The SLENZ Update – No 98, June 12, 2009

UIC_001

University of Illinois Global Campus entry point

Do SL public health training

applications really work?

US$1.6m to find the answer

Researchers at the University of Illinois at Chicago (UIC) School of Public Health have secured a grant of  US$1.6 million to fund a study to determine if collaborative virtual environments designed to improve public health preparedness and response planning really work.

The school which is relying more and more on virtual environments for training and education has received the grant from the US Center for Disease Control and Prevention.

The results should be of interest to health educators worldwide  given the number of Second Life health applications, including New Zealand’s own midwifery pilot study under the auspices of the SLENZ Project and Auckland University’s Second Life and ONGENS  medical centres.

Under the programme, according to  Virtual World News,  UIC researchers will recruit 40 local health departments from across the United States to take part in the study.

Half the participants will use Second Life to train public health workers in emergency preparedness while the other half will use a traditional meeting approach to planning.

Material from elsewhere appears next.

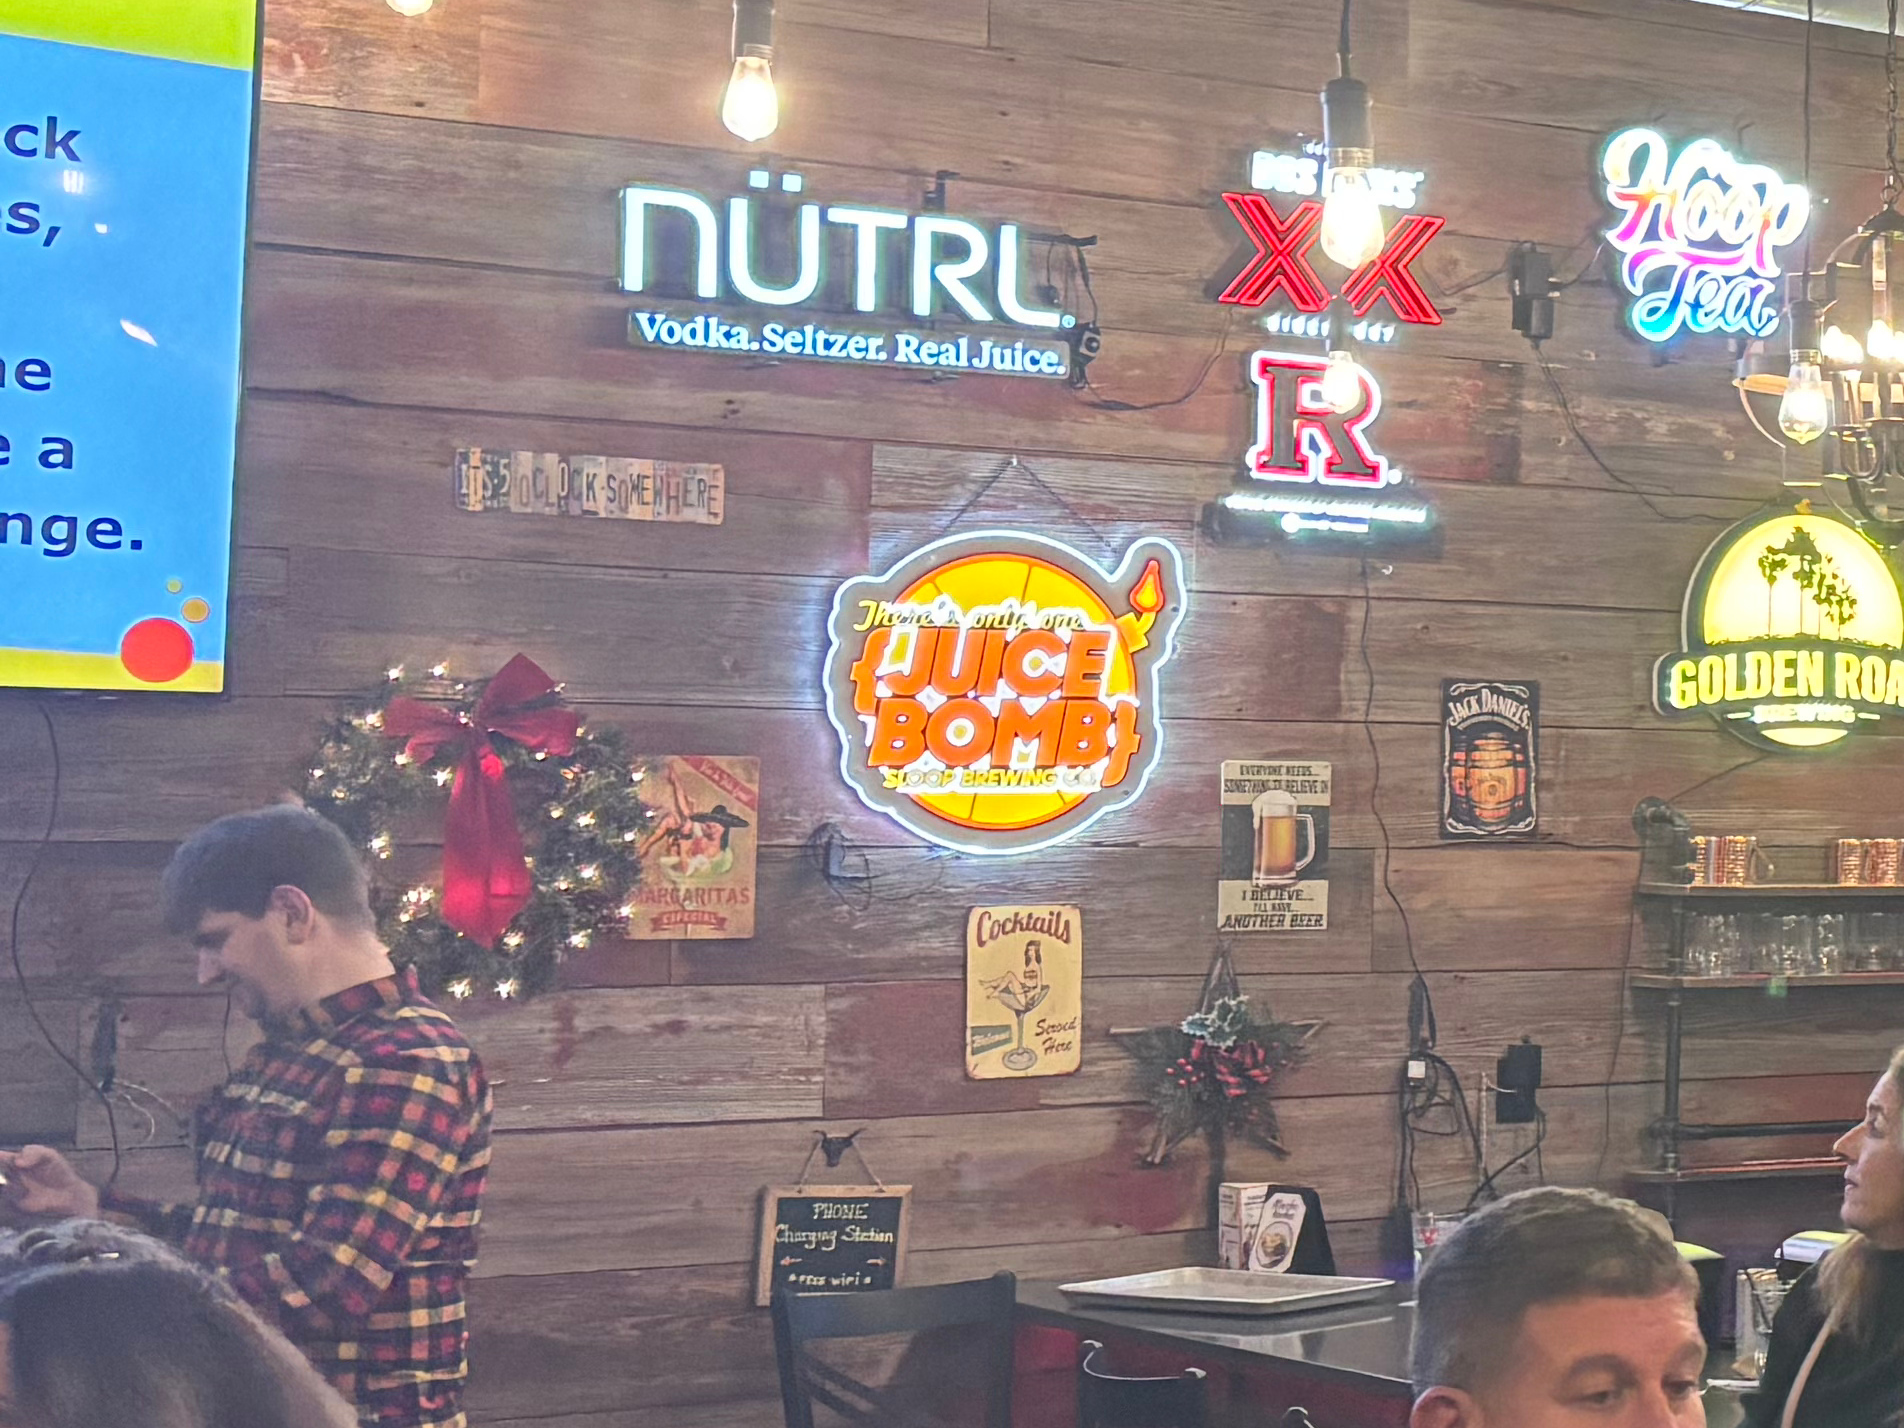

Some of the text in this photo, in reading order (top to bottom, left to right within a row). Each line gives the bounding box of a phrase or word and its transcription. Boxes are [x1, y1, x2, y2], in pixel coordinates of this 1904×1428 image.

The study’s principal investigator Colleen Monahan, director of the Center for the Advancement of Distance Education at the UIC School of Public Health, said, “We believe that using virtual environments will improve collaboration across agencies and jurisdictions, raise awareness about planning for vulnerable populations, increase the realism in the training exercise, allow participants to participate in different scenarios, and allow emergency responders to return to the training exercise at their convenience for ongoing training.”

2 Responses

  1. So if Colleen believes all that already – why research? Or is the research biased? 40 Local health departments.. Is it study or recruitment and training to make what she believes, true?

    • The research is being done for the US Center for Disease Control and Prevention, taking a much wider look than just at the UIC’s current programme.
      The research will not necessarily make what she believes true. In fact, it could just as easily disprove her beliefs, although I realise there is a “cadre” of academics who believe that all research should be undertaken without preconceived ideas.
      To my mind a researcher must have a target/belief of some sort, or there is no point tof doing the research,but that is a subject more suited to philosophy than this blog.